Его величество удивленно поднял бровь:
– Никому?
– Если месье де Кретьен не может предложить кандидата, то, возможно, сию должность и доходы следует отдать…
Люсьен перебил отца де ла Шеза:
– Моя семья предпочла бы, чтобы эта епископская кафедра оставалась вакантной.
Он допил вино, и Кантен снова наполнил его бокал.
– Сударь, на одной чаше весов – горсть презренного золота, а на другой – духовное благо всей Бретани! – возразил отец де ла Шез. – Народу необходим наставник. Ваша семья достаточно богата, а у Бретани всегда была слава…
– Довольно, сударь. Я спросил мнение месье де Кретьена, и он его высказал. О своем решении я сообщу вам позднее.
«Новый епископ стал бы посылать бо́льшую часть доходов от своих земель в Рим.

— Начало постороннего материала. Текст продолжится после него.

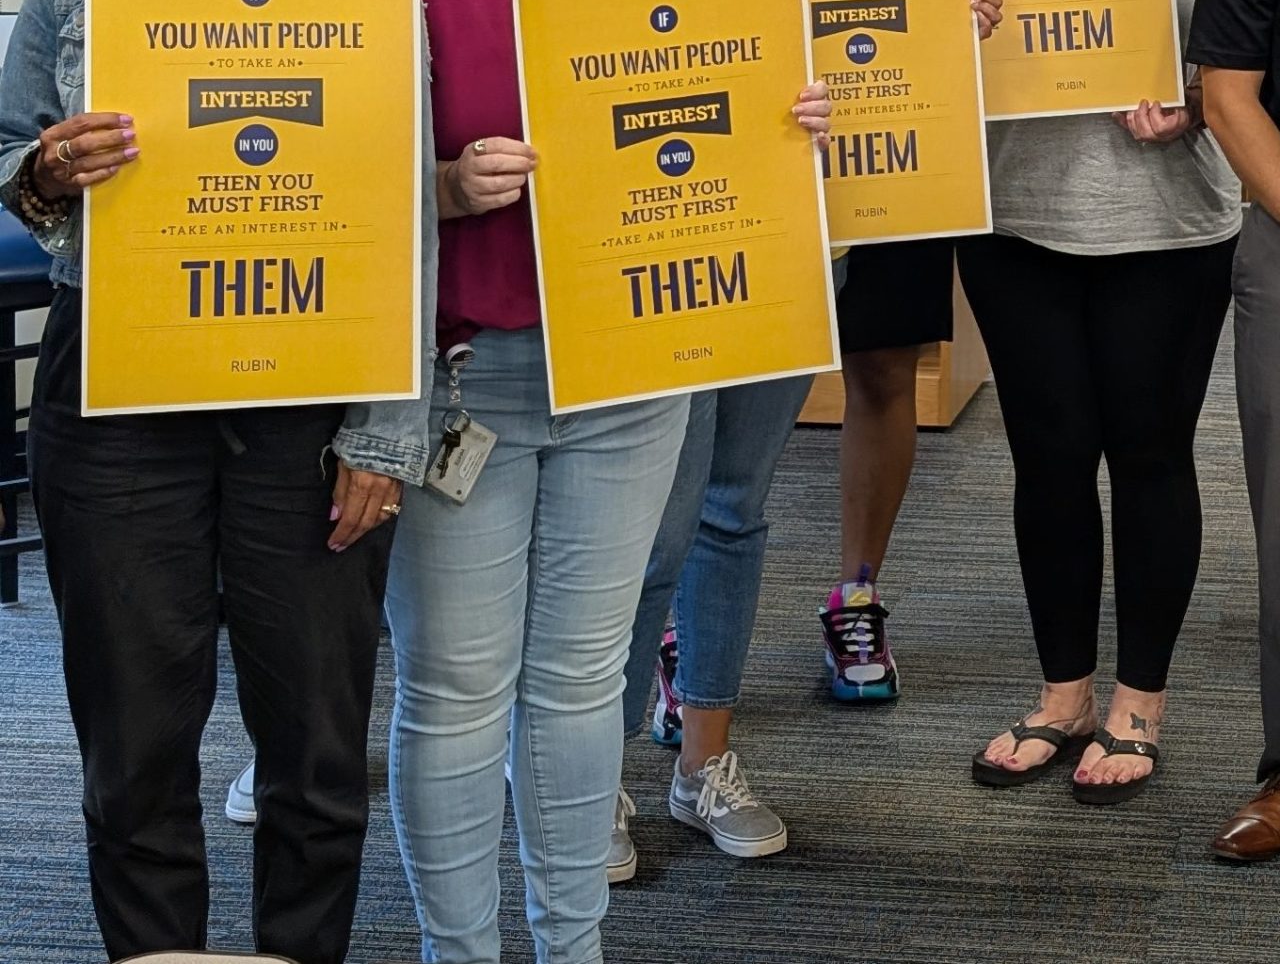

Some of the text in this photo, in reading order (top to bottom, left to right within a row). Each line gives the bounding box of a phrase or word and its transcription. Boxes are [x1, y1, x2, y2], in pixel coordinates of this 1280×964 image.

Если прихожанам не придется содержать епископа, они смогут платить налоги его величеству, и у них останется хоть что-то, чтобы пережить грядущий неурожай.
Ты преисполнился гордыни, а значит, рискуешь. Ты не соблаговолил объяснить свое мнение королю, не желая, чтобы мадам де Ментенон решила, будто ей удалось пристыдить тебя и склонить к непривычному акту милосердия».

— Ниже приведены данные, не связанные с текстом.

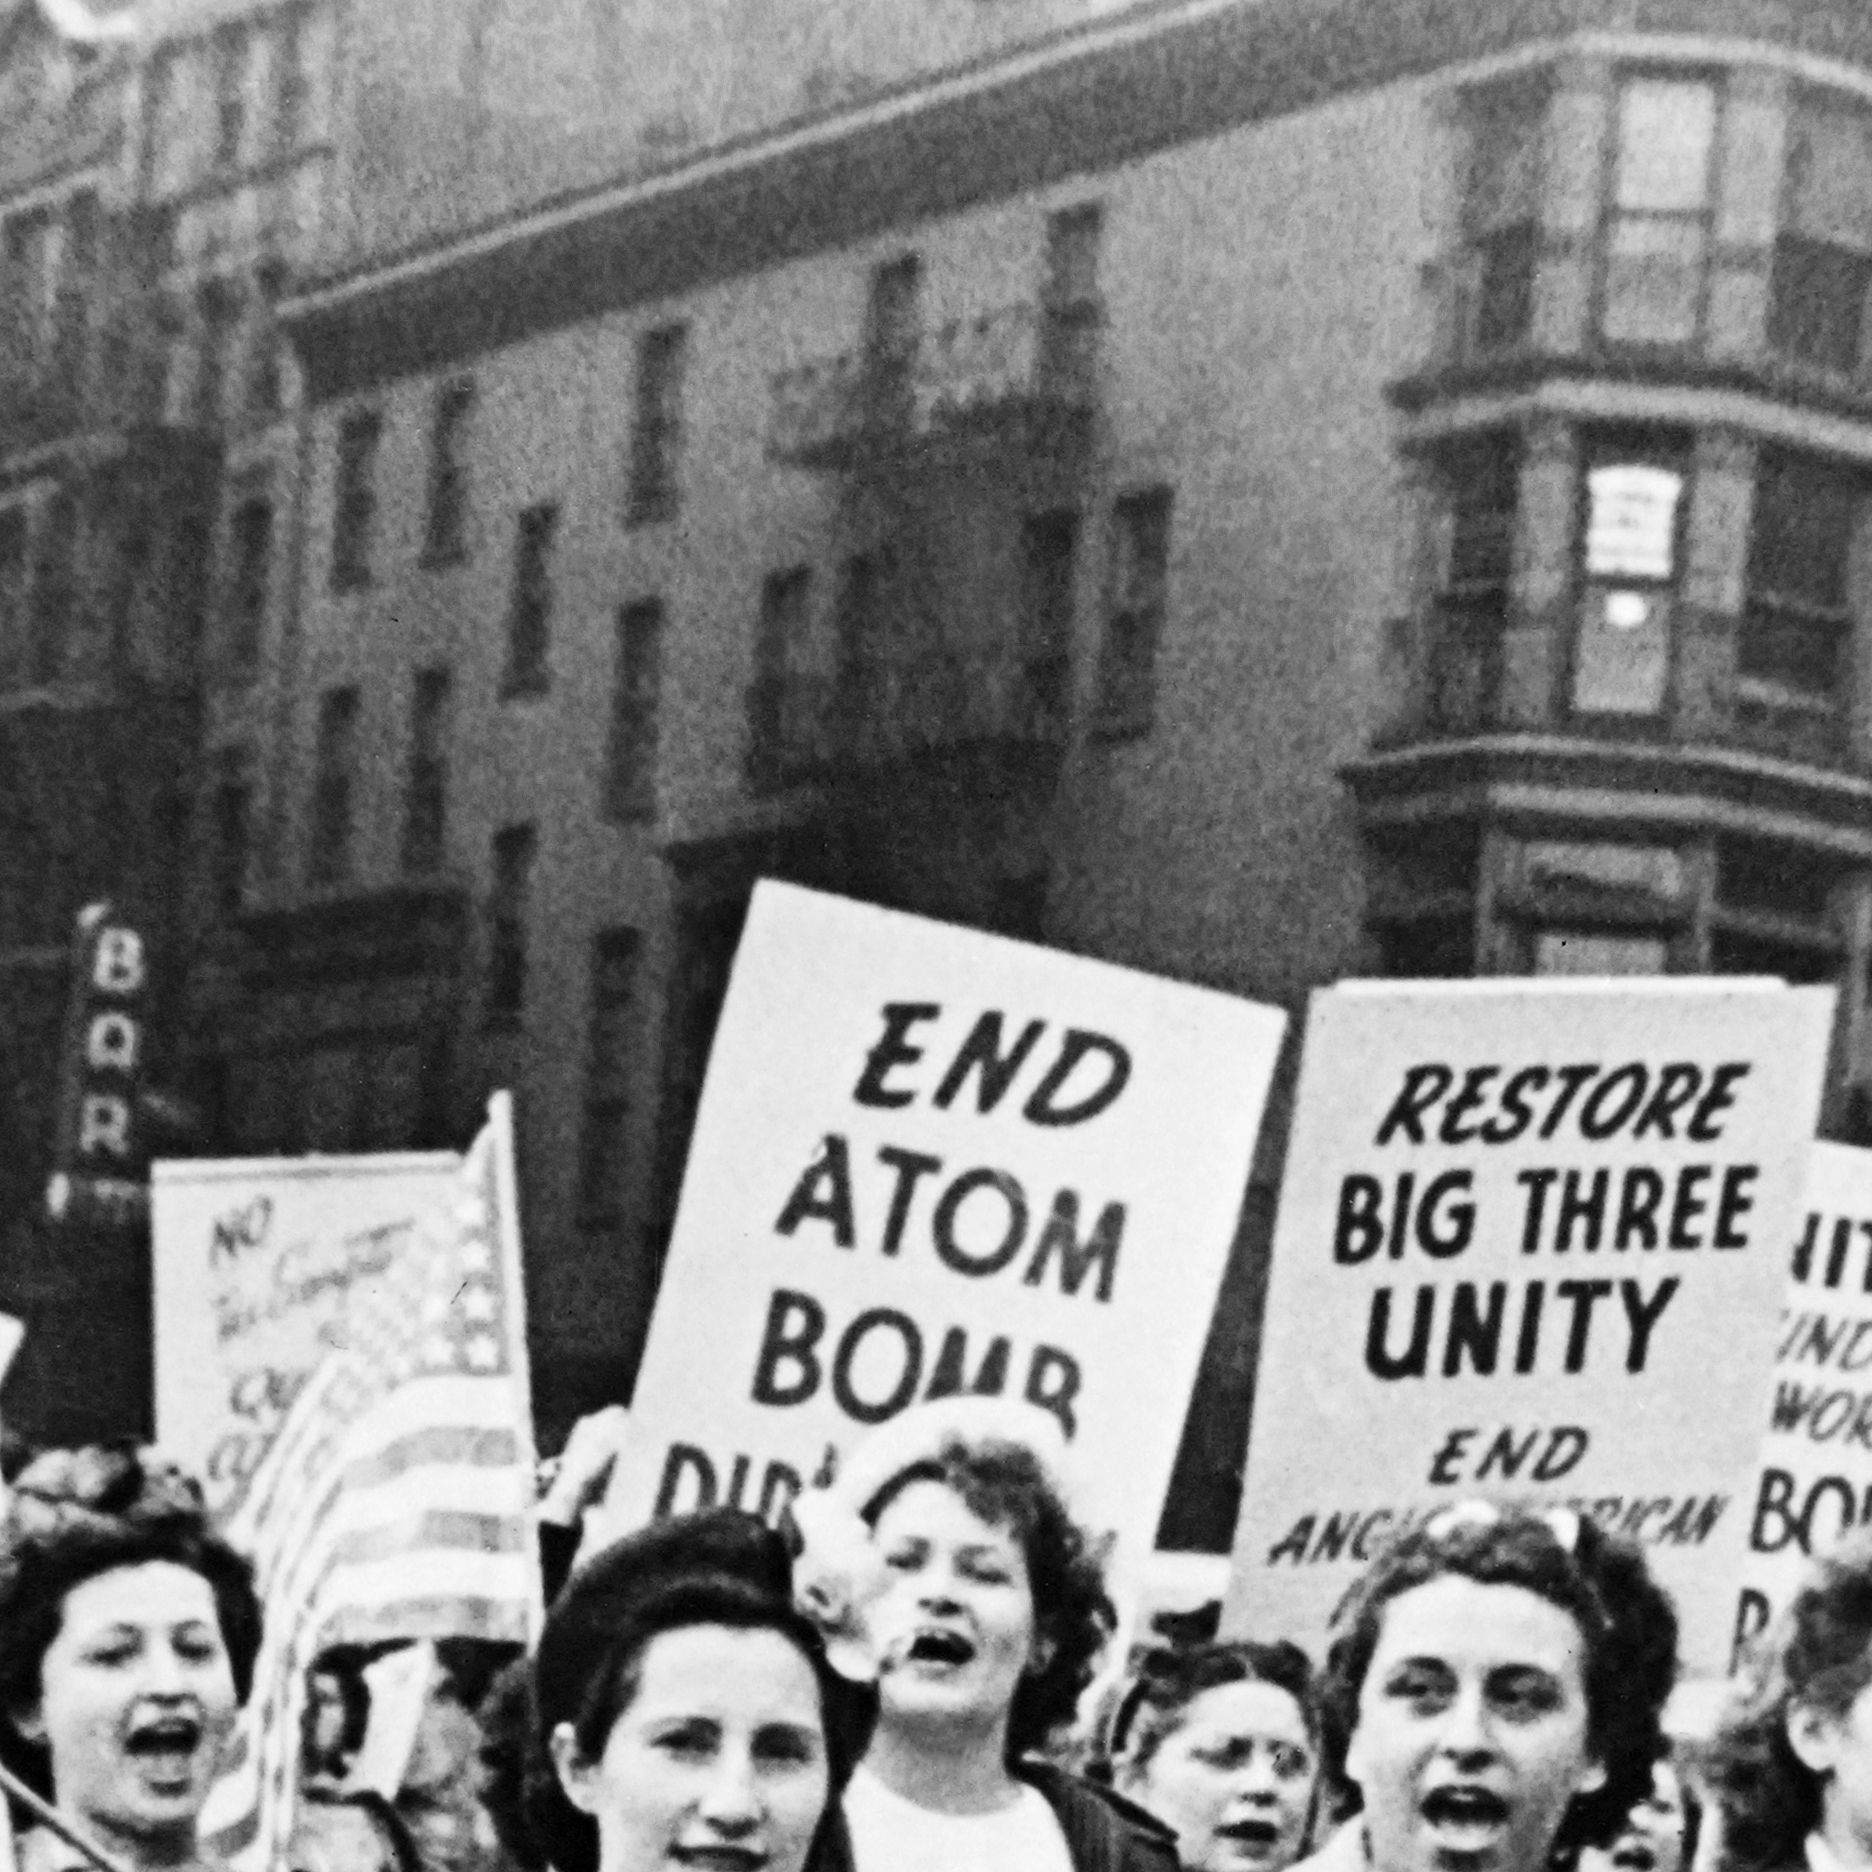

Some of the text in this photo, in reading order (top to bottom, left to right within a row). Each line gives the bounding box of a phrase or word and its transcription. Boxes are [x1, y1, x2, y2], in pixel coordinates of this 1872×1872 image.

[852, 1001, 1132, 1127] END
[1374, 1061, 1756, 1148] RESTORE
[773, 1132, 1127, 1303] ATOM
[1332, 1163, 1761, 1266] BIG THREE
[750, 1287, 1083, 1441] BOMB
[1364, 1276, 1681, 1382] UNITY
[1428, 1425, 1590, 1487] END

Объяснять свою позицию его величеству не стоило. Монарх обладал немалой проницательностью в делах политики; его величество зачастую угадывал мотивы своих подданных и советников еще до того, как они осознавали их сами.
– Что вы мне сегодня приготовили, де Барбезье?
– Указ, согласно которому в домах протестантов надлежит размещать на постой воинские части.
Барбезье достал бумаги из походного бюро.
– Очень хорошо.
Людовик подписал юридический акт под одобрительными взглядами Барбезье и де ла Шеза. Мадам де Ментенон, уже успевшая заняться новым шитьем, улыбнулась.
Люсьен промолчал, ведь никакие возражения не заставили бы Людовика передумать. Он уже неоднократно пытался переубедить монарха, иногда даже рискуя попасть в немилость. Предполагалось, что подобные меры ускорят возвращение еретиков в лоно Католической церкви, однако, насколько понимал Люсьен, только причиняли горе, насаждали измену и служили обогащению недостойных. Однако, вместо того чтобы отменять гибельные указы, король продлевал их действие. Нетерпимость его величества к протестантам, которую, по мнению Люсьена, подогревала в нем мадам де Ментенон, не давала ему понять, какой ущерб гонения на протестантов наносили Франции и ему лично.